Having read the records, set them all down exactly as they appear.

(Beginning of Task data)

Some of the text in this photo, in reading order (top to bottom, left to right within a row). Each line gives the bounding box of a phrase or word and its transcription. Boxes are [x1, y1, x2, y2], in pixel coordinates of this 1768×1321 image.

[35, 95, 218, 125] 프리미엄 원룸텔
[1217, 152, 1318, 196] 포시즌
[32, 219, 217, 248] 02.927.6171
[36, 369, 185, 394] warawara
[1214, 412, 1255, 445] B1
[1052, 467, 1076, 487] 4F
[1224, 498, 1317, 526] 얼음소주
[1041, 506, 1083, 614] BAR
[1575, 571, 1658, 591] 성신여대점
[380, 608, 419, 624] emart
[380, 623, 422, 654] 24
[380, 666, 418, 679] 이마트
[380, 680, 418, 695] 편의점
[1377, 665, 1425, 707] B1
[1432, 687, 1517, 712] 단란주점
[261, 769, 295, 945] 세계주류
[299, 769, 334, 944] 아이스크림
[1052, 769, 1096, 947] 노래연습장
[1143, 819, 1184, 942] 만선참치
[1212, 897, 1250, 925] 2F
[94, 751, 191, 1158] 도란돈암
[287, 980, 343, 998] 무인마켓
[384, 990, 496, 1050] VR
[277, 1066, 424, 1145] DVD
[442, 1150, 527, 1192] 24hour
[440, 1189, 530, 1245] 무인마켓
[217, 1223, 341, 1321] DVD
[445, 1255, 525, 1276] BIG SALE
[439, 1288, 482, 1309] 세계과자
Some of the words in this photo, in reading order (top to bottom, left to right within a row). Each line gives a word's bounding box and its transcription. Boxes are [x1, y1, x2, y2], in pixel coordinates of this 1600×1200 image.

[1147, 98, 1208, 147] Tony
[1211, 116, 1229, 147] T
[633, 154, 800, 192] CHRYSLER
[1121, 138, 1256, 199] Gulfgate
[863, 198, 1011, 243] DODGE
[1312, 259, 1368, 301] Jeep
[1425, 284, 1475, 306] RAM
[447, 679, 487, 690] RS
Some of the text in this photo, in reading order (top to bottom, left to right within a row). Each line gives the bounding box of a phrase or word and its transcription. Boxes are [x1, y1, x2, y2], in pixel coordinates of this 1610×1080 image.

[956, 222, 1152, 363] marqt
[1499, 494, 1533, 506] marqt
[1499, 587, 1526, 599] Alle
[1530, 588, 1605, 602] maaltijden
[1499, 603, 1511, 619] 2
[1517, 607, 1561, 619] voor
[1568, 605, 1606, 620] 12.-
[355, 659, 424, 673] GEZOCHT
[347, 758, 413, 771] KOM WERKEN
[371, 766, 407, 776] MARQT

(End of Task data)

_Answer to this task_
Some of the text in this photo, in reading order (top to bottom, left to right within a row). Each line gives the bounding box of a phrase or word and its transcription. Boxes are [x1, y1, x2, y2], in pixel coordinates of this 1768×1321 image.

[35, 95, 218, 125] 프리미엄 원룸텔
[1217, 152, 1318, 196] 포시즌
[32, 219, 217, 248] 02.927.6171
[36, 369, 185, 394] warawara
[1214, 412, 1255, 445] B1
[1052, 467, 1076, 487] 4F
[1224, 498, 1317, 526] 얼음소주
[1041, 506, 1083, 614] BAR
[1575, 571, 1658, 591] 성신여대점
[380, 608, 419, 624] emart
[380, 623, 422, 654] 24
[380, 666, 418, 679] 이마트
[380, 680, 418, 695] 편의점
[1377, 665, 1425, 707] B1
[1432, 687, 1517, 712] 단란주점
[261, 769, 295, 945] 세계주류
[299, 769, 334, 944] 아이스크림
[1052, 769, 1096, 947] 노래연습장
[1143, 819, 1184, 942] 만선참치
[1212, 897, 1250, 925] 2F
[94, 751, 191, 1158] 도란돈암
[287, 980, 343, 998] 무인마켓
[384, 990, 496, 1050] VR
[277, 1066, 424, 1145] DVD
[442, 1150, 527, 1192] 24hour
[440, 1189, 530, 1245] 무인마켓
[217, 1223, 341, 1321] DVD
[445, 1255, 525, 1276] BIG SALE
[439, 1288, 482, 1309] 세계과자
Some of the words in this photo, in reading order (top to bottom, left to right within a row). Each line gives a word's bounding box and its transcription. Boxes are [x1, y1, x2, y2], in pixel coordinates of this 1600×1200 image.

[1147, 98, 1208, 147] Tony
[1211, 116, 1229, 147] T
[633, 154, 800, 192] CHRYSLER
[1121, 138, 1256, 199] Gulfgate
[863, 198, 1011, 243] DODGE
[1312, 259, 1368, 301] Jeep
[1425, 284, 1475, 306] RAM
[447, 679, 487, 690] RS
Some of the text in this photo, in reading order (top to bottom, left to right within a row). Each line gives the bounding box of a phrase or word and its transcription. Boxes are [x1, y1, x2, y2], in pixel coordinates of this 1610×1080 image.

[956, 222, 1152, 363] marqt
[1499, 494, 1533, 506] marqt
[1499, 587, 1526, 599] Alle
[1530, 588, 1605, 602] maaltijden
[1499, 603, 1511, 619] 2
[1517, 607, 1561, 619] voor
[1568, 605, 1606, 620] 12.-
[355, 659, 424, 673] GEZOCHT
[347, 758, 413, 771] KOM WERKEN
[371, 766, 407, 776] MARQT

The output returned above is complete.